> _Entries shown_:

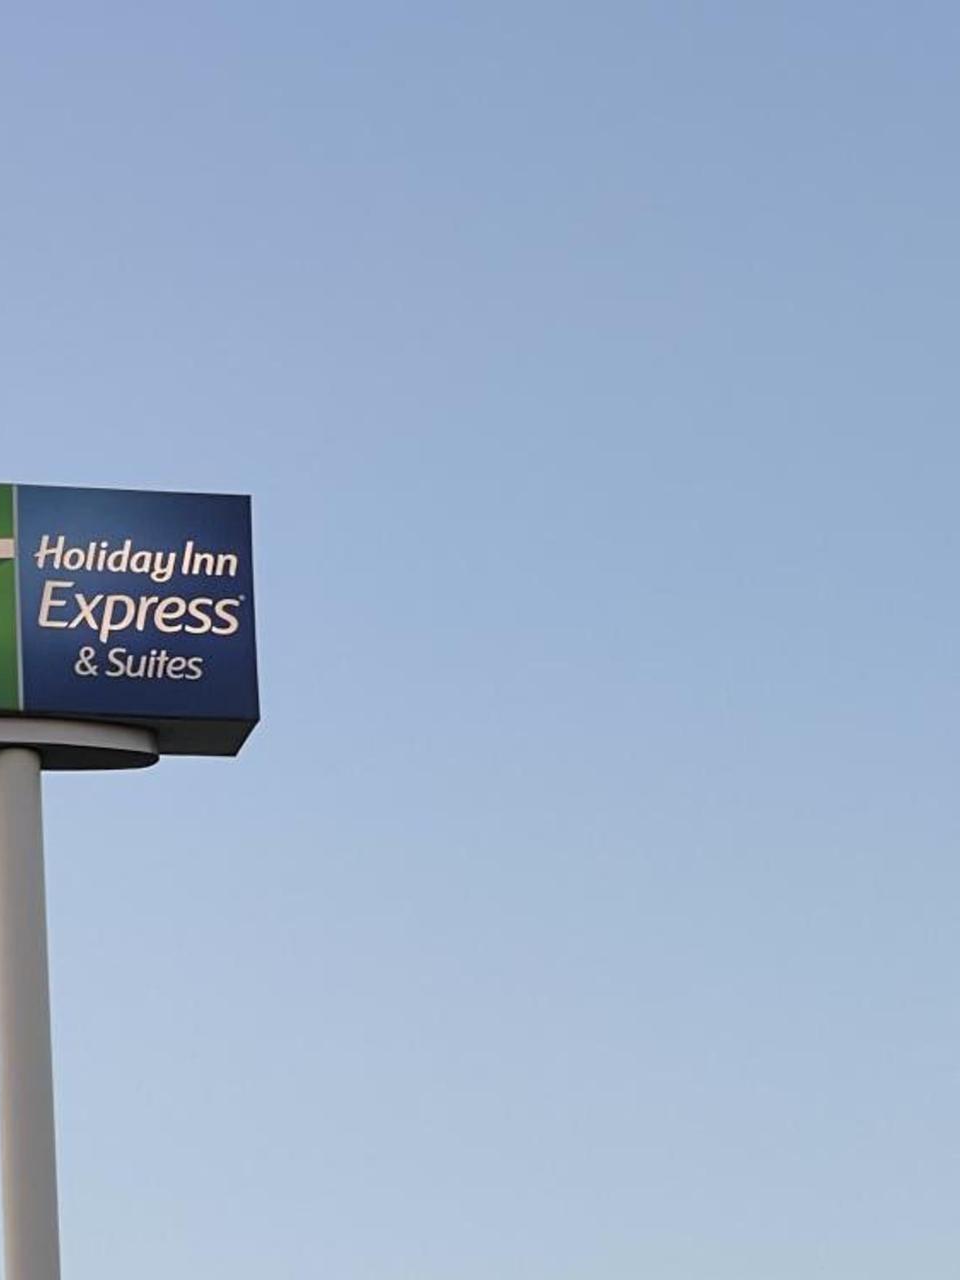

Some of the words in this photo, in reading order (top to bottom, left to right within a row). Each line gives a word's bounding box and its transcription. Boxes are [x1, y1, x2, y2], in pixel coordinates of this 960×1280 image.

[34, 534, 176, 583] Holiday
[181, 540, 238, 577] Inn
[38, 579, 240, 644] Express
[74, 646, 98, 677] &
[105, 647, 203, 680] Suites

> _Problem statement_: Without the pictures, reproduce every record exactly as it appears above.

> _Your response_:
Some of the words in this photo, in reading order (top to bottom, left to right within a row). Each line gives a word's bounding box and its transcription. Boxes are [x1, y1, x2, y2], in pixel coordinates of this 960×1280 image.

[34, 534, 176, 583] Holiday
[181, 540, 238, 577] Inn
[38, 579, 240, 644] Express
[74, 646, 98, 677] &
[105, 647, 203, 680] Suites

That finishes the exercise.